*** Data ***

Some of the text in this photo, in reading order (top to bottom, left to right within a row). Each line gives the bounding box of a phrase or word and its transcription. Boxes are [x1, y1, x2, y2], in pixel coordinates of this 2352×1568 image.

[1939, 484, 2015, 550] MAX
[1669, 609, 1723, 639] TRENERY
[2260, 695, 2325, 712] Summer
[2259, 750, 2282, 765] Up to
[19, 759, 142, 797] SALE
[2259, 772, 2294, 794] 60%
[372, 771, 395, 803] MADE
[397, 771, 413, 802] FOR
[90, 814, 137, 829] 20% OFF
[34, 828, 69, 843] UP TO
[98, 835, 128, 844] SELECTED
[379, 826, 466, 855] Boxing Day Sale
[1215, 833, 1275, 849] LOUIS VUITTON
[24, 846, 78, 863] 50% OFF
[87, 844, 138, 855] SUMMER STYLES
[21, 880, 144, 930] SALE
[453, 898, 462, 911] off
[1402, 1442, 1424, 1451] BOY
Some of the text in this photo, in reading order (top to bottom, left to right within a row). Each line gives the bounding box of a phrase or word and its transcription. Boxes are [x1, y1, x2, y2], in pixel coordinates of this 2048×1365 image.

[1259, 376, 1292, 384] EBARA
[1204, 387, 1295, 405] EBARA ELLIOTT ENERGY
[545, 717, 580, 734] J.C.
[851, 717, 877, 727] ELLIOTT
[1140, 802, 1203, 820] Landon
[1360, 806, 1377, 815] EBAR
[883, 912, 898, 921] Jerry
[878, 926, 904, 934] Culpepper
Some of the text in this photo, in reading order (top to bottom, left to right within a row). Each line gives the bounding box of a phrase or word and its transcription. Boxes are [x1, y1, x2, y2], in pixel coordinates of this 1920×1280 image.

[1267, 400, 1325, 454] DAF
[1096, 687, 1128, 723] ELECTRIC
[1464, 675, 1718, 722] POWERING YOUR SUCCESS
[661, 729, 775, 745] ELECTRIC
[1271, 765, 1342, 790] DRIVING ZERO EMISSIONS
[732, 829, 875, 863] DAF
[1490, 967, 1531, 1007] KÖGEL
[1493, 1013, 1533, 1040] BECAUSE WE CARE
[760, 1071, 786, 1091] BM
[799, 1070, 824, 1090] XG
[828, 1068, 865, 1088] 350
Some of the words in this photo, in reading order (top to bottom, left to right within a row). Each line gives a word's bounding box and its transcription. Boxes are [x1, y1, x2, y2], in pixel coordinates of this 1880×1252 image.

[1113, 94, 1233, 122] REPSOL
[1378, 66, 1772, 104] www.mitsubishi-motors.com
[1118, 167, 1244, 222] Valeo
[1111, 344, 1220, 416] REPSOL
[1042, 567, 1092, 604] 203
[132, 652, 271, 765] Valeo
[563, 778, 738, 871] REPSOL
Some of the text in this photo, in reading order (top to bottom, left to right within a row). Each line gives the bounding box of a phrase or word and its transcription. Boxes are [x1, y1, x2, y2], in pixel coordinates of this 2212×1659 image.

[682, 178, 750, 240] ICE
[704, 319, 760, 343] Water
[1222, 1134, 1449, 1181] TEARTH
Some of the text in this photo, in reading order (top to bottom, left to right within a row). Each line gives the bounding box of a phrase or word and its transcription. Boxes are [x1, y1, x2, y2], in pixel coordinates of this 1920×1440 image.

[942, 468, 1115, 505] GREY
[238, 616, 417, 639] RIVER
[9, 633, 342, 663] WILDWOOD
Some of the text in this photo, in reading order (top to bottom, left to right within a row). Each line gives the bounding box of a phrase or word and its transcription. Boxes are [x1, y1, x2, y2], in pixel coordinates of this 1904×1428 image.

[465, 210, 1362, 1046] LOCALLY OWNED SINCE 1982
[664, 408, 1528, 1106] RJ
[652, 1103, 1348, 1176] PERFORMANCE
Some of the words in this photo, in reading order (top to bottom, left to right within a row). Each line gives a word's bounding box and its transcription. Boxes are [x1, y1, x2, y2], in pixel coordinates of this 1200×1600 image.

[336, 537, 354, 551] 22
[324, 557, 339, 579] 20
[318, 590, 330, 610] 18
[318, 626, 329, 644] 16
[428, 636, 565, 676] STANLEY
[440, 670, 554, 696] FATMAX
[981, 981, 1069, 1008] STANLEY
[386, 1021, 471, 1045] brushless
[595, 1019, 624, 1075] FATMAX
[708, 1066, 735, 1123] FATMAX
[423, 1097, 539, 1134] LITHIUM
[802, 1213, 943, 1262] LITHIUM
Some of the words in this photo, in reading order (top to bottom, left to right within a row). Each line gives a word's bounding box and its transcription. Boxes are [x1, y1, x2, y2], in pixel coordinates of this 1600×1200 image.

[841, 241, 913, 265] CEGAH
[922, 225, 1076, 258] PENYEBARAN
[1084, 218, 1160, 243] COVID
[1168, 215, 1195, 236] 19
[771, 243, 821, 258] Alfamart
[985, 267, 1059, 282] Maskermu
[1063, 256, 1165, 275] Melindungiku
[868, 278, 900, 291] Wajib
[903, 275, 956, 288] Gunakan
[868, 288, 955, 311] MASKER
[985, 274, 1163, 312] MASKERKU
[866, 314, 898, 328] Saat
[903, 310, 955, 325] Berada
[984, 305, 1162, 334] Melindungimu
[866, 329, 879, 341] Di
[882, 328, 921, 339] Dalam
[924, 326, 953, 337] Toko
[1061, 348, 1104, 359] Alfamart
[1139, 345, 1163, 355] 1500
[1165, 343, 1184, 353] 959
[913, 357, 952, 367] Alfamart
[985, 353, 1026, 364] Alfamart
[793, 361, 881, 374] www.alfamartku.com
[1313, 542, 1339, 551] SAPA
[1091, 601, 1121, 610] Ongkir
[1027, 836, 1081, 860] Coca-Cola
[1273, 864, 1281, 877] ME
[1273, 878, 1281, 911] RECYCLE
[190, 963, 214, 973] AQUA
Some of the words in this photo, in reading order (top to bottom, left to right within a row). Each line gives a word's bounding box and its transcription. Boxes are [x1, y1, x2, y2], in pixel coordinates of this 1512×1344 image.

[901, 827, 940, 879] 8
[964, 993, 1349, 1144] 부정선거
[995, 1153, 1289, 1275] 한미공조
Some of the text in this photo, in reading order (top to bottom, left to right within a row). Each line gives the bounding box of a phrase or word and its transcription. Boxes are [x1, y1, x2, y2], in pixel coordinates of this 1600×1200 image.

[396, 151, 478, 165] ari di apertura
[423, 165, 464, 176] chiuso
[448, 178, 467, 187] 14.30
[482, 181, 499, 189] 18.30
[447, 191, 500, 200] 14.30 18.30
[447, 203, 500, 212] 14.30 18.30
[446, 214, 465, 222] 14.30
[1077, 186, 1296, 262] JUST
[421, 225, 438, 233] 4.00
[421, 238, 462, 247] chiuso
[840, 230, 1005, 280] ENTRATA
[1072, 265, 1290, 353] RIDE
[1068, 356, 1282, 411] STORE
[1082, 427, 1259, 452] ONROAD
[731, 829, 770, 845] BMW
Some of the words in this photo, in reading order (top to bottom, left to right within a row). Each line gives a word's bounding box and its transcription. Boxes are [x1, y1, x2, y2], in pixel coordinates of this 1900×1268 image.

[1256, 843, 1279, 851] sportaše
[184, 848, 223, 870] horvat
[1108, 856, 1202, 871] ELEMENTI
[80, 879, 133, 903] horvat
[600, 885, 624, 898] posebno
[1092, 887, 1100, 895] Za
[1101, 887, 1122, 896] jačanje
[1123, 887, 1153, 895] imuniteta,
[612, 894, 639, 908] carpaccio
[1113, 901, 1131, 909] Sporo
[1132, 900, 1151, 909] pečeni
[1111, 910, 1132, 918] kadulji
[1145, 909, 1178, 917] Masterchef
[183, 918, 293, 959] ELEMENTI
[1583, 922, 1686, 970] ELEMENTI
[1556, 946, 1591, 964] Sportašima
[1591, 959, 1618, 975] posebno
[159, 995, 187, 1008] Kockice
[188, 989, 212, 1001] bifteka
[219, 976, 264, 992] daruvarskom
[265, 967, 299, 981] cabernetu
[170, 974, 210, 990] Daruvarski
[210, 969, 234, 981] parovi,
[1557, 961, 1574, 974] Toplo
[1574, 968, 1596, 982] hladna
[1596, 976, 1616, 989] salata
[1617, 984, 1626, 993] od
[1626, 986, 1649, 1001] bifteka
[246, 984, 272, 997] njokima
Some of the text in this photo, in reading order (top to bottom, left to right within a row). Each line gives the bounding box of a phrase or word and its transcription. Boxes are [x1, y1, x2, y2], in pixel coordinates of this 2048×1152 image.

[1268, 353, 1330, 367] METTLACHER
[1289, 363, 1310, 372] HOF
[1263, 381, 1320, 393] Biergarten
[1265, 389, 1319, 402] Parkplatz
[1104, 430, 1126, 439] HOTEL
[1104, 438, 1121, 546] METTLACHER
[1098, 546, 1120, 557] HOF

*** End of Data ***

## Instructions to follow
All that is needed is the line containing "this 2048×1152 image." and each line after it to the end of the data above, set down exactly.

## Answer to this problem
Some of the text in this photo, in reading order (top to bottom, left to right within a row). Each line gives the bounding box of a phrase or word and its transcription. Boxes are [x1, y1, x2, y2], in pixel coordinates of this 2048×1152 image.

[1268, 353, 1330, 367] METTLACHER
[1289, 363, 1310, 372] HOF
[1263, 381, 1320, 393] Biergarten
[1265, 389, 1319, 402] Parkplatz
[1104, 430, 1126, 439] HOTEL
[1104, 438, 1121, 546] METTLACHER
[1098, 546, 1120, 557] HOF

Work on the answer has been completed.